And, of course, the theme of the entries themselves seems to vary year to year. For the narrative animations, Archibeque says there seems to be more of a sense of levity and hope in the stories than in past years. On the flip side, a lot of the darker-themed films are “pretty dark,” she adds. For pure look development, there is a lot of fluid and debris work in everything from commercials to visual effects films. Also, artists are playing with lighting and rendering in a number of submissions this year.

“Last year, the festival used its sessions to educate [show-goers] on the history of the CG industry.
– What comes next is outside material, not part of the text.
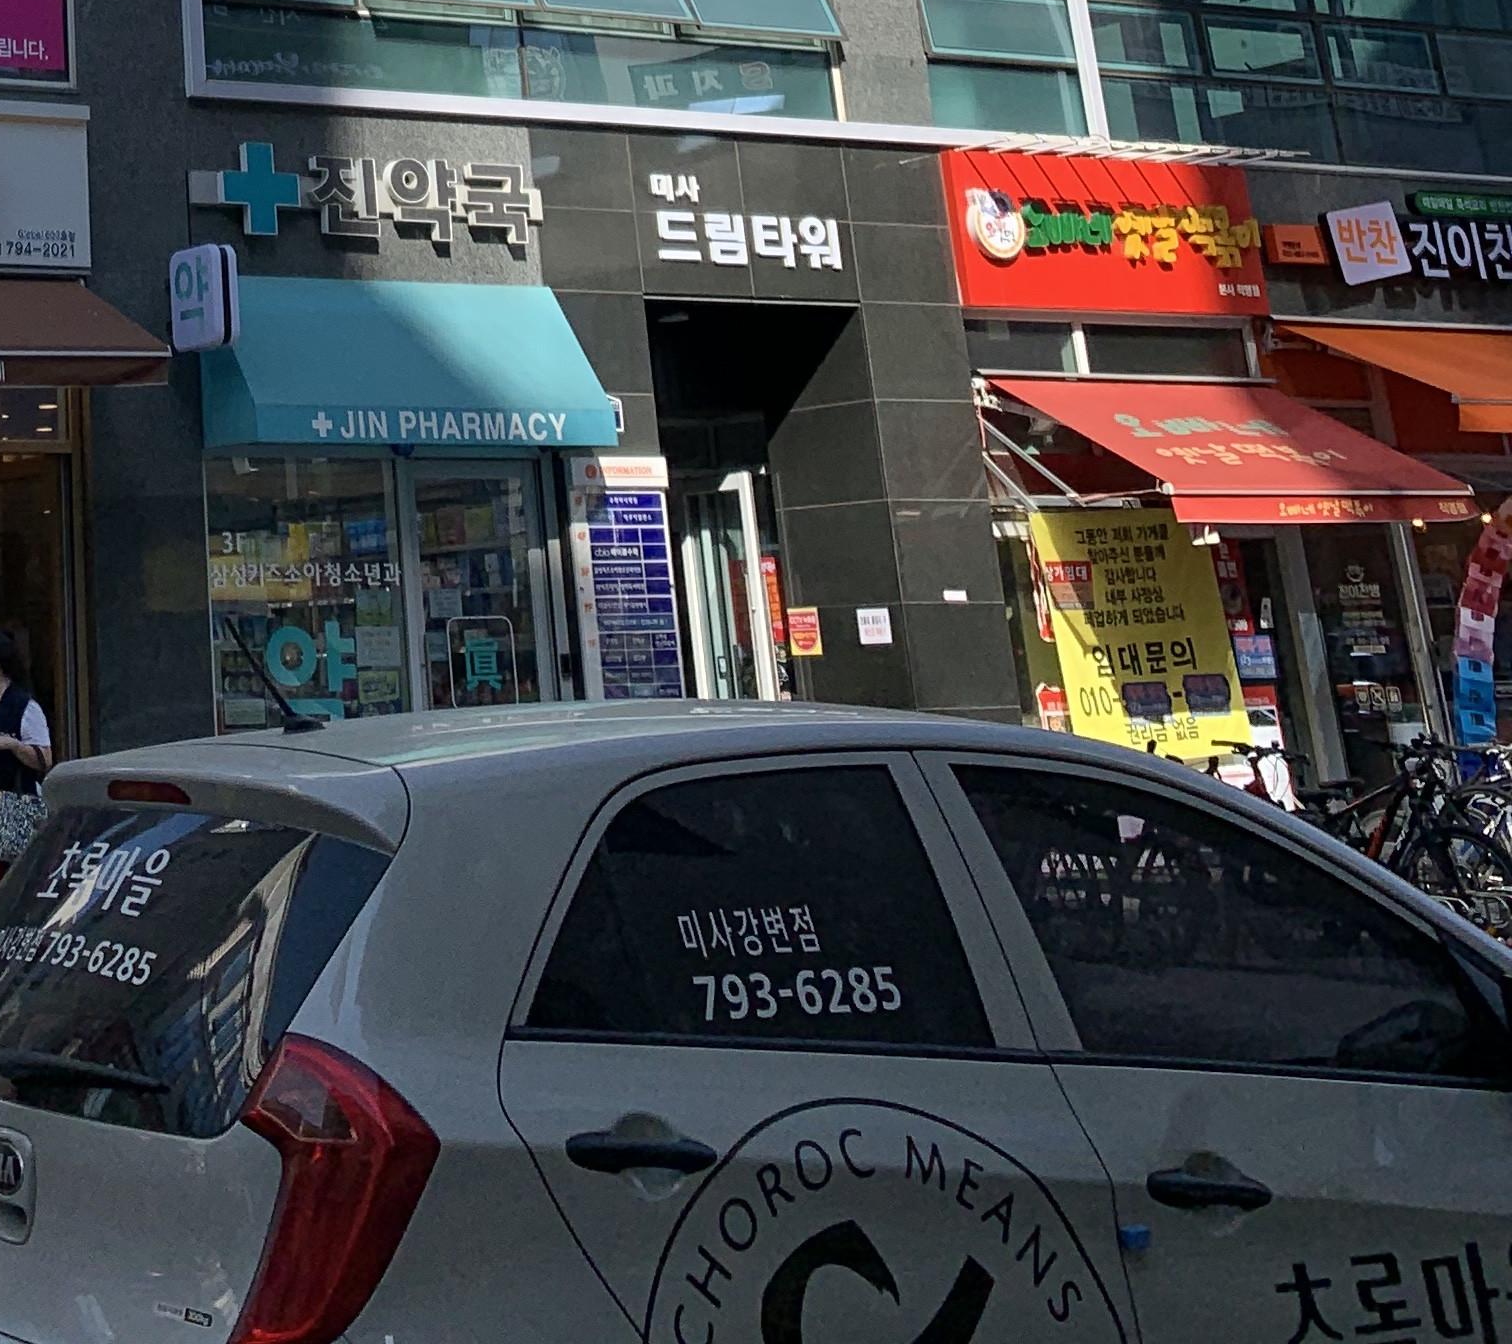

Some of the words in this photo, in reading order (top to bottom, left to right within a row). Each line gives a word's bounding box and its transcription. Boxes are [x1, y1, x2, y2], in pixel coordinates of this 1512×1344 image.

For example, there was a whole day devoted to the history of animation,” says Archibeque. “I took that concept and chose to focus on different aspects of the CG world where digital tools create visualizations that impact both the entertainment and personal parts of our lives.” For instance, there is a day of Talks and Panels on the history and progression of 3D urban planning tools that span pencils to 3D rendering of the reconstruction on parts of New Orleans after Katrina.

More than 800 entries were submitted to this year’s jury, with less than 150 juried pieces appearing in the festival, along with less than 20 curated pieces. Of the juried submissions, approximately 300 were from students.
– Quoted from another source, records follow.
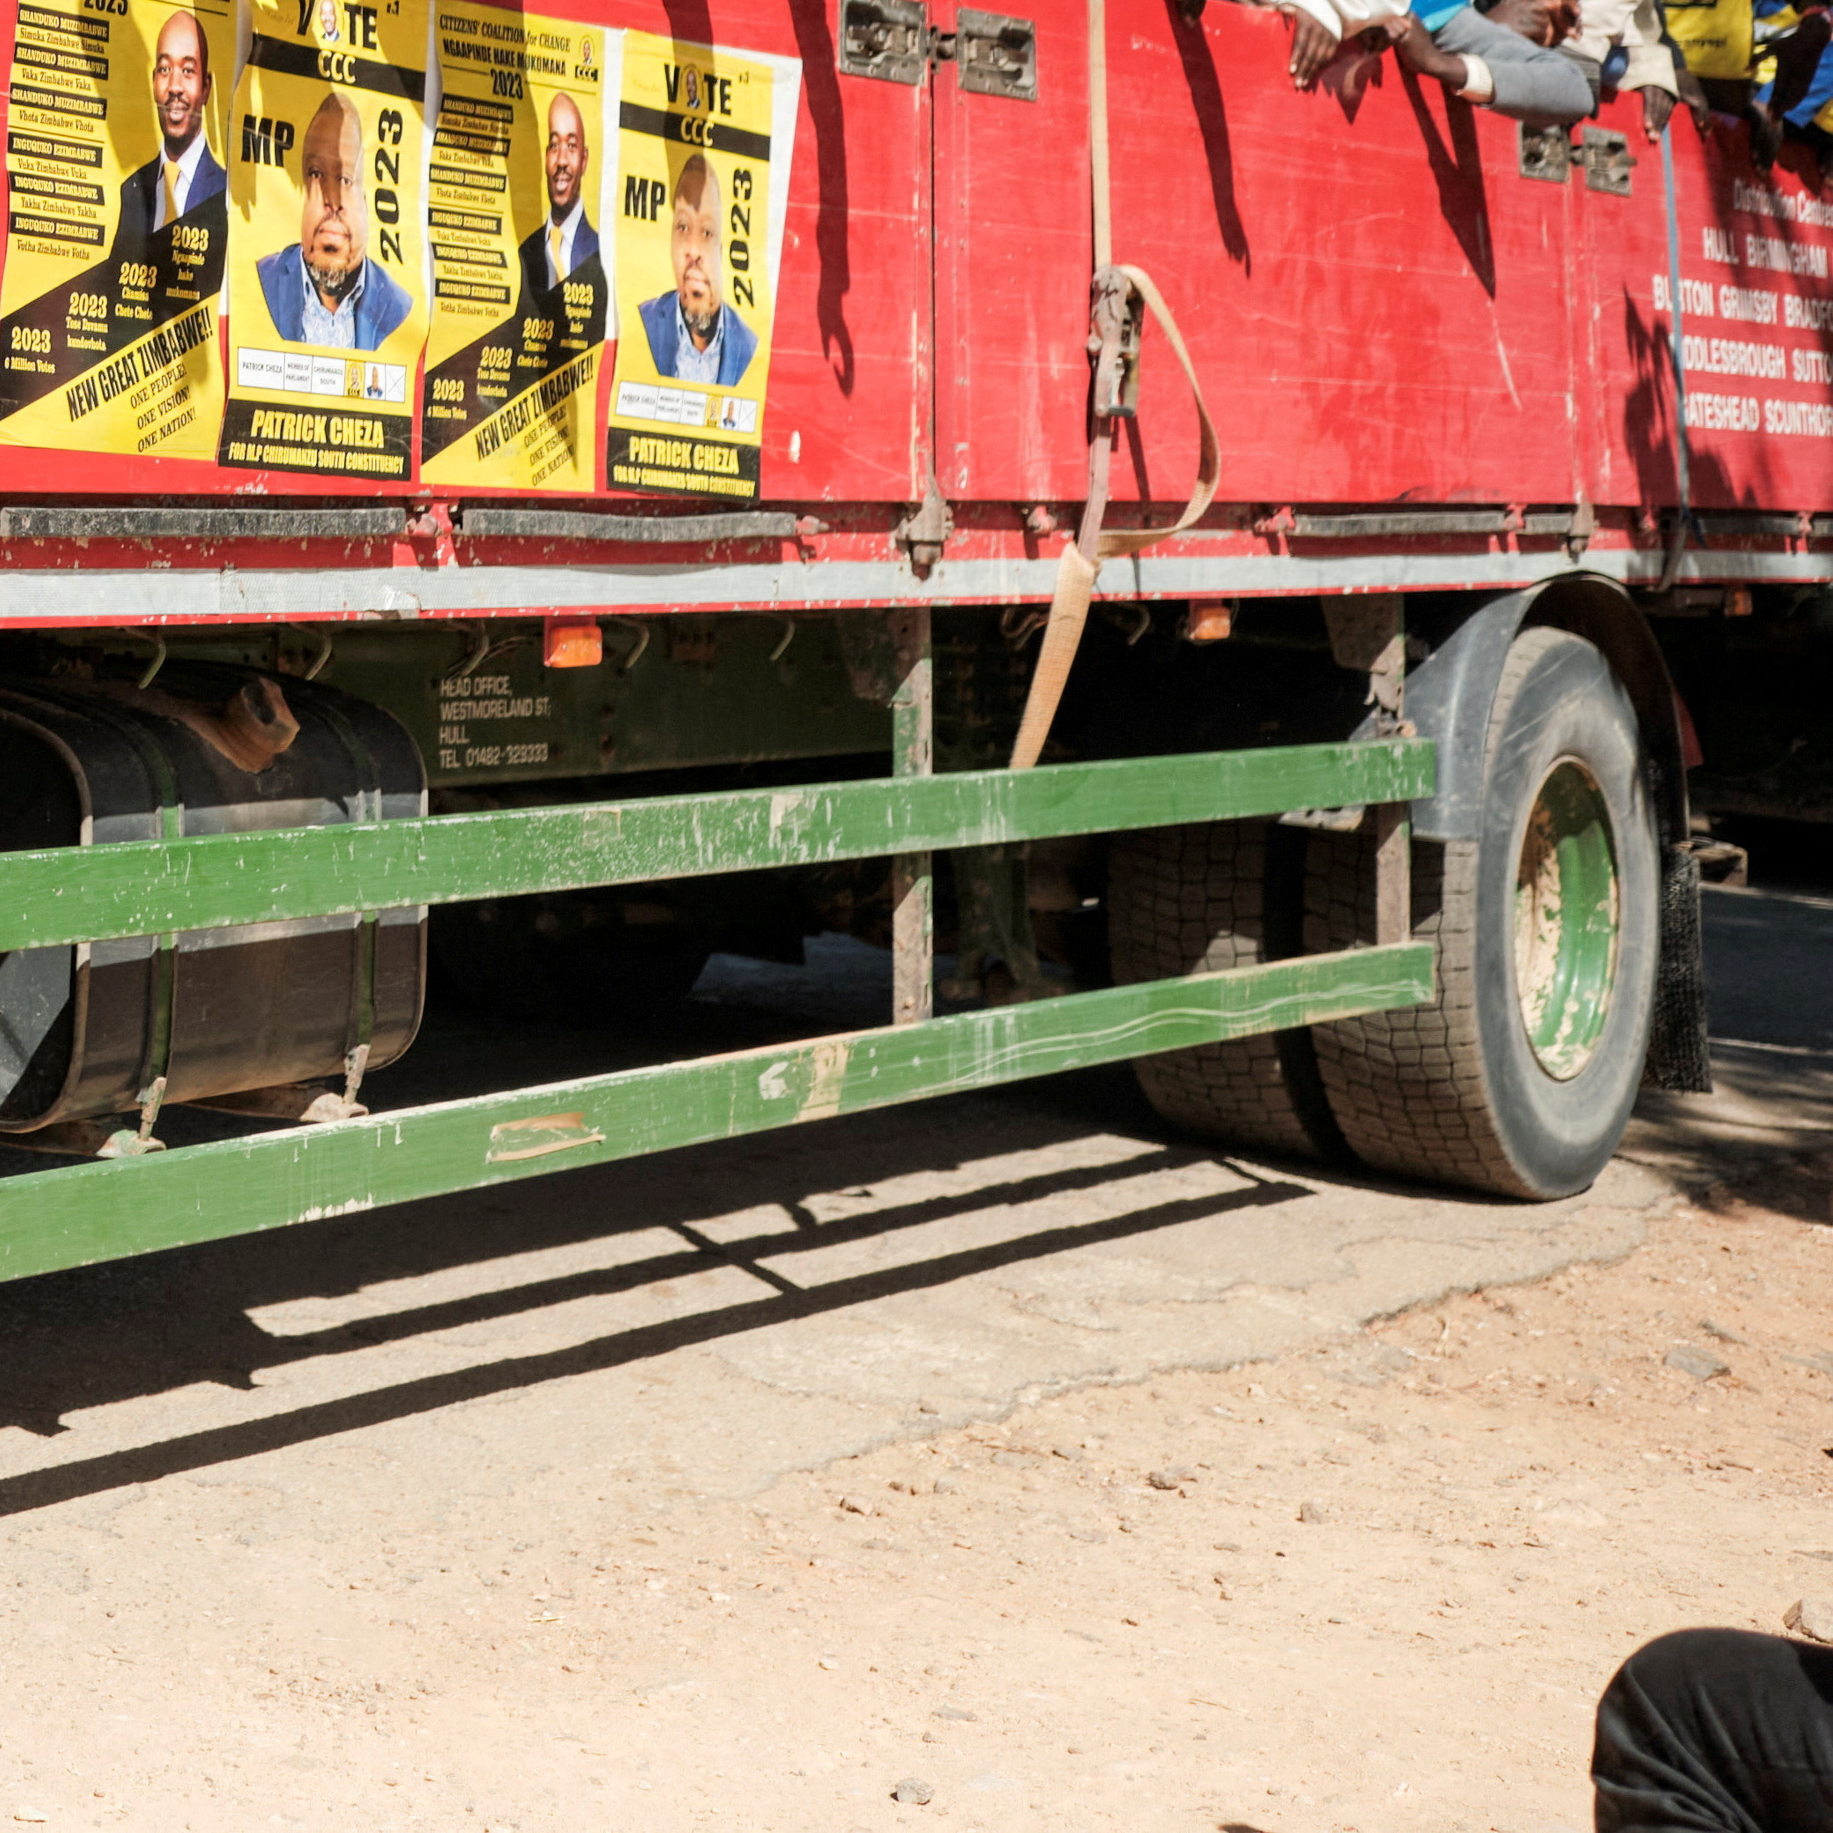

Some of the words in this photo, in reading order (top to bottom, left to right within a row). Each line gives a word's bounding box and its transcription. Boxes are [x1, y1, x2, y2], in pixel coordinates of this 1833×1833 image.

[20, 10, 59, 28] SHANDUKO
[20, 27, 45, 41] Simuka
[47, 33, 79, 49] Zimbabwe
[482, 22, 525, 44] COALITION
[539, 34, 571, 52] CHANGE
[317, 50, 356, 84] CCC
[493, 48, 515, 67] HAKE
[577, 69, 595, 79] CCC
[490, 69, 524, 99] 2023
[664, 63, 732, 116] VTE
[241, 114, 295, 168] MP
[680, 116, 715, 147] CCC
[374, 107, 404, 266] 2023
[624, 174, 666, 223] MP
[172, 225, 209, 251] 2023
[729, 166, 754, 309] 2023
[1703, 226, 1739, 265] HULL
[1746, 234, 1828, 279] BIRMINGHAM
[119, 261, 157, 288] 2023
[68, 292, 107, 318] 2023
[1719, 283, 1778, 325] GRIMSBY
[11, 326, 51, 353] 2023
[1669, 332, 1786, 380] DDLESBROUGH
[11, 357, 35, 372] Million
[37, 359, 56, 374] Votes
[66, 376, 100, 423] NEW
[99, 353, 140, 400] GREAT
[137, 305, 214, 378] ZIMBABWE!!
[130, 392, 150, 410] ONE
[151, 363, 187, 399] PEOPLE!
[137, 413, 157, 430] ONE
[158, 385, 191, 420] VISION!
[138, 434, 158, 453] ONE
[159, 407, 196, 442] NATION!
[251, 409, 328, 444] PATRICK
[330, 417, 385, 449] CHEZA
[475, 425, 500, 462] NEW
[500, 396, 534, 443] GREAT
[228, 442, 246, 461] FOR
[263, 445, 318, 467] CHIRUMANZU
[318, 450, 346, 469] SOUTH
[346, 452, 404, 475] CONSTITUENCY
[629, 435, 692, 468] PATRICK
[693, 444, 740, 475] CHEZA
[440, 678, 471, 697] HEAD
[439, 698, 533, 722] WESTMORELAND
[439, 726, 469, 745] HULL
[440, 750, 461, 769] TEL
So, how does this year’s festival compare to last year’s? “Every year is different. I have had an interesting and educational involvement in the festival for two years before I planned my own. After being involved in both the traditional structure and last year’s experimental restructuring, the goal was to provide the attendees with an experience that is a happy medium between the two, where new content can thrive and good traditions can live on.”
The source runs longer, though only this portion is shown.